Tuesday, December 8, 2009

starting summer on this side of the world


Santiago, Chile

One of my favorite historical figures, Salvador Allende, in front of the capital building

After more than three months of traveling, after three months of couchsurfing with generous strangers, swerving bus rides, sandy hair, irregular bowel movements, jungle rashes, begrudging fishing boat captains, enough pre-hispanic ruins to make Indiana Jones jealous, a whole lot of food sampling, and countless photographs, I am nomadic no more. Or at least not for the next four months. My internship with English newspaper The Santiago Times began less than a week ago. What do I do exactly? Well, it's twofold. I contribute modestly to the online newspaper. Even though the simplistic, unimaginative style of newswriting is not my passion, the translating and re-writing of already published news articles is pretty easy and dare I say, fun. I mostly write articles for the business section on such riveting subjects as the opening of a new lingerie store or a hospital building project, but I was given the early responsibility of translating this high-profile interview.

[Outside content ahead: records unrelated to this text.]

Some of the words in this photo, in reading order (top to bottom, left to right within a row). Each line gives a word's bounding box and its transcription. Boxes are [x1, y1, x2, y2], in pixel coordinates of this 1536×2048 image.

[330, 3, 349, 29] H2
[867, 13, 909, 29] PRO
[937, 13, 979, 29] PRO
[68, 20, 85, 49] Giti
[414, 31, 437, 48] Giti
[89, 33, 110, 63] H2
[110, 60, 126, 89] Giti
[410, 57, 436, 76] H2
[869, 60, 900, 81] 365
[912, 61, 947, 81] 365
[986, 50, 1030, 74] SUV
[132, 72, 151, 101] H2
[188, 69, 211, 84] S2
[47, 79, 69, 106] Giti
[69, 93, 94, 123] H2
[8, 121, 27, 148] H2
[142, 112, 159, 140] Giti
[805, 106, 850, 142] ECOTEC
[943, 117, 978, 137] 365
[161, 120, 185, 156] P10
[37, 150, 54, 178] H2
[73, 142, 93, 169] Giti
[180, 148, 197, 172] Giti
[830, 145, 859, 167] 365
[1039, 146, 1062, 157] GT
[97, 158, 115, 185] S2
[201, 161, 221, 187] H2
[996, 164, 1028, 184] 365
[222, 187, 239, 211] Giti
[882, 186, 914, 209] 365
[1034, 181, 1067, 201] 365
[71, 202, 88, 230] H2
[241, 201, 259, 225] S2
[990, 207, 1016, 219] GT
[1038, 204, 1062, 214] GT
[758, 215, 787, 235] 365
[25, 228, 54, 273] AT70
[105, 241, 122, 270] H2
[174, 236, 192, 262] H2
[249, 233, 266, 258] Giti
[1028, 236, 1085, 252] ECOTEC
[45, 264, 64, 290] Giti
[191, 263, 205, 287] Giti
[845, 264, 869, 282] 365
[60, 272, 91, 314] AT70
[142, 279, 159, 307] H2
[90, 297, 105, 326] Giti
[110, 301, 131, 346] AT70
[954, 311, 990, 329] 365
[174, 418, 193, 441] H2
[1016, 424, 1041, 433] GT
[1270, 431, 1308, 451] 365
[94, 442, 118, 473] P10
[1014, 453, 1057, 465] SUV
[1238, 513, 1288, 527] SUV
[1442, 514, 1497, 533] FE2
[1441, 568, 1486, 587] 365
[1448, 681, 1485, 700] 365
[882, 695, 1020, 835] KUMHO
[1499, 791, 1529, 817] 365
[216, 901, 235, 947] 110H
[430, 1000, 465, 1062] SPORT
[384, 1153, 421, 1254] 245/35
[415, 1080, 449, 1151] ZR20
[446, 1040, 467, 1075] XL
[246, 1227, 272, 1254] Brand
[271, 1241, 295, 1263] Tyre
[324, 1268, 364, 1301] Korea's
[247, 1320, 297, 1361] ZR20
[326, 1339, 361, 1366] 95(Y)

I live in a garden shed on the homestead of my editor's family, in Caleu, a small to
wn (more like a plebeian enclave) in the Andean foothills, about an hour or two outside of metropolitan Santiago. Here is where I have the second part of my internship. Every morning beginning at 8:30, I learn the basics of organic gardening from Carlos, the gardener and caretaker of their four acres of vegetables, fruit and nut trees, and other bucolic oasis fixings. I am living proof that you can combine international professional experience with organic farming curiosity! Once or twice a week I venture from Caleu to the office at Santiago with the editor, Steve. Public transportation to the city is difficult (one daily bus, $10 round trip) so I just go if Steve is making the trip anyway. If he doesn't leave until the following day, I stay with my conveniently downtown-dwelling Chilean CS host and friend Andres, who has a guest room. The home I'm staying at in Caleu is beautiful, but very isolated. Friends are scarce and the opportunity for peer-bonding is virtually non-existent. I can write for the paper from here, but there are no bars I can saunter into after a hard day's work. Which is probably for the better? I thought it would pain me to be so removed from the city and all its twinkling commercialism and socializing opportunities, but after spending a weekend in Caleu and coming to Santiago for a meeting, the crowds and street noises started to grate on my soul. Stay tuned for pictures of Caleu: hippie Eden.

I just did this.

1 comment:

  1. Yaaaaaay! You are AMAZING! Congrats for getting to Santiago!